The quickstart has one entity, which is mapped via JPA to the relational database:

src/main/java/org/jboss/as/quickstarts/greeter/domain/User.java
@Entity                                                              // 1
public class User {

    @Id                                                              // 2
    @GeneratedValue
    private Long id;

    @Column(unique = true)
    private String username;

    private String firstName;                                        // 3

    private String lastName;

    public Long getId() {                                            // 4
        return id;
    }

    public String getUsername() {
        return username;
    }

    public void setUsername(String username) {
        this.username = username;
    }

    public String getFirstName() {
        return firstName;
    }

    public void setFirstName(String firstName) {
        this.firstName = firstName;
    }

    public String getLastName() {
        return lastName;
    }

    public void setLastName(String lastName) {
        this.lastName = lastName;
    }

}
1 The @Entity annotation used on the class tells JPA that this class should be mapped as a table in the database.
2 Every entity requires an id, the @Id annotation placed on a field (or a JavaBean mutator/accessor) tells JPA that this property is the id. You can use a synthetic id, or a natural id (as we do here).
3 The entity also stores the real name of the user
4 As this is Java, every property needs an accessor/mutator!

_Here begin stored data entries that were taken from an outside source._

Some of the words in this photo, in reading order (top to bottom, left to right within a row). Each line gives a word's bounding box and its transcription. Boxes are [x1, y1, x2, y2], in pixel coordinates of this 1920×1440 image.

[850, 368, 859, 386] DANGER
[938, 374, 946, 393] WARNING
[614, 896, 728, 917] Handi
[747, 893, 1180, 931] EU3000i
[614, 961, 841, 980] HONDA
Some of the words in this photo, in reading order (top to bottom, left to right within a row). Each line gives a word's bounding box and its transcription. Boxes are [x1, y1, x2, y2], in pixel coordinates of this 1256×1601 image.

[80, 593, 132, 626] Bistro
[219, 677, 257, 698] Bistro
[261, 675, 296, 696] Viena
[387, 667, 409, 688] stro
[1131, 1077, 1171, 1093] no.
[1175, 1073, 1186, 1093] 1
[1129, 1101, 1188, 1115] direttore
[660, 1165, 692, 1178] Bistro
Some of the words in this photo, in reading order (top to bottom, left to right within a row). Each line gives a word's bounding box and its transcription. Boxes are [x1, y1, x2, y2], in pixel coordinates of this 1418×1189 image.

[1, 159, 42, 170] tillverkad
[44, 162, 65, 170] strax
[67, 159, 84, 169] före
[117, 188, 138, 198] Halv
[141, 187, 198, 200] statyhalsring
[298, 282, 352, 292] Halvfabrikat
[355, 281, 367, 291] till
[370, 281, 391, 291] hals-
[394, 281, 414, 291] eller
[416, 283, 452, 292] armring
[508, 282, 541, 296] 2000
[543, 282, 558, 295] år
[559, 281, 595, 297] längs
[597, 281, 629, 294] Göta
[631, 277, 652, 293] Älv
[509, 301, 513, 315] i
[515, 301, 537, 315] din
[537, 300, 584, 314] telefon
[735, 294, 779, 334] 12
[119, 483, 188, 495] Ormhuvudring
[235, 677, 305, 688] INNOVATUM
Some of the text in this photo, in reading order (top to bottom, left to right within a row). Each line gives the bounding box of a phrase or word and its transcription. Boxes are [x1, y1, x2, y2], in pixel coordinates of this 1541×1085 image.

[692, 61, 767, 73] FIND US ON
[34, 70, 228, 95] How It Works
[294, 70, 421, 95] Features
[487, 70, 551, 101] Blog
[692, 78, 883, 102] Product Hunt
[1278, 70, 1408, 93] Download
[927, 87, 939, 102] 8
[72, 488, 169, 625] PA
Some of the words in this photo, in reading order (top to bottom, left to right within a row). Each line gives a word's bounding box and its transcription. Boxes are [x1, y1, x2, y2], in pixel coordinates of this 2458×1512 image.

We use a couple of controller classes to back the JSF pages. First up is GreetController which is responsible for getting the user’s real name from persistence layer, and then constructing the message.

src/main/java/org/jboss/as/quickstarts/greeter/web/GreetController.java
@Named                                                               // 1
@RequestScoped                                                       // 2
public class GreetController {

    @Inject
    private UserDao userDao;                                         // 3

    private String username;

    private String greeting;

    public void greet() {
        User user = userDao.getForUsername(username);
        if (user != null) {
            greeting = "Hello, " +
                       user.getFirstName() +
                       " " +
                       user.getLastName() +
                       "!";
        } else {
            greeting =
                "No such user exists! Use 'emuster' or 'jdoe'";
        }
    }

    public String getUsername() {                                    // 4
        return username;
    }

    public void setUsername(String username) {
        this.username = username;
    }

    public String getGreeting() {
        return greeting;
    }

}
1 The bean is given a name, so we can access it from JSF
2 The bean is request scoped, a different greeting can be made in each request
3 We inject the UserDao, which handles database abstraction
4 We need to expose JavaBean style mutators and accessors for every property the JSF page needs to access to

The second controller class is responsible for adding a new user:

src/main/java/org/jboss/as/quickstarts/greeter/web/CreateController.java
@Named                                                               // 1
@RequestScoped                                                       // 2
public class CreateController {

    @Inject                                                          // 3
    private FacesContext facesContext;

    @Inject                                                          // 4
    private UserDao userDao;

    @Named                                                           // 5
    @Produces
    @RequestScoped
    private User newUser = new User();

    public void create() {
        try {
            userDao.createUser(newUser);
            String message = "A new user with id " +
                             newUser.getId() +
                             " has been created successfully";
            facesContext.addMessage(null, new FacesMessage(message));
        } catch (Exception e) {
            String message = "An error has occured while creating" +
                             " the user (see log for details)";
            facesContext.addMessage(null, new FacesMessage(message));
        }
    }
}
1 The bean is given a name, so we can access it from JSF
2 The bean is request scoped, a different user can be added in each request
3 We inject the FacesContext, to allow us to send messages to the user when the user is created, or if an error occurs
4 We inject the UserDao, which handles database abstraction
5 We expose a prototype user using a named producer, which allows us to access it from a JSF page

Now that we have the controllers in place, let’s look at the most interesting part of the application, how we interact with the database. As we mentioned earlier, by default the application uses the JTA API to manually control transactions. To implement both approaches, we’ve defined a UserDao interface, with two implementations, one of which (the EJB variant) is as an alternative which can be enabled via a deployment descriptor. If you were wondering why we "hid" the persistence logic in the UserDao, rather than placing it directly in the controller classes, this is why!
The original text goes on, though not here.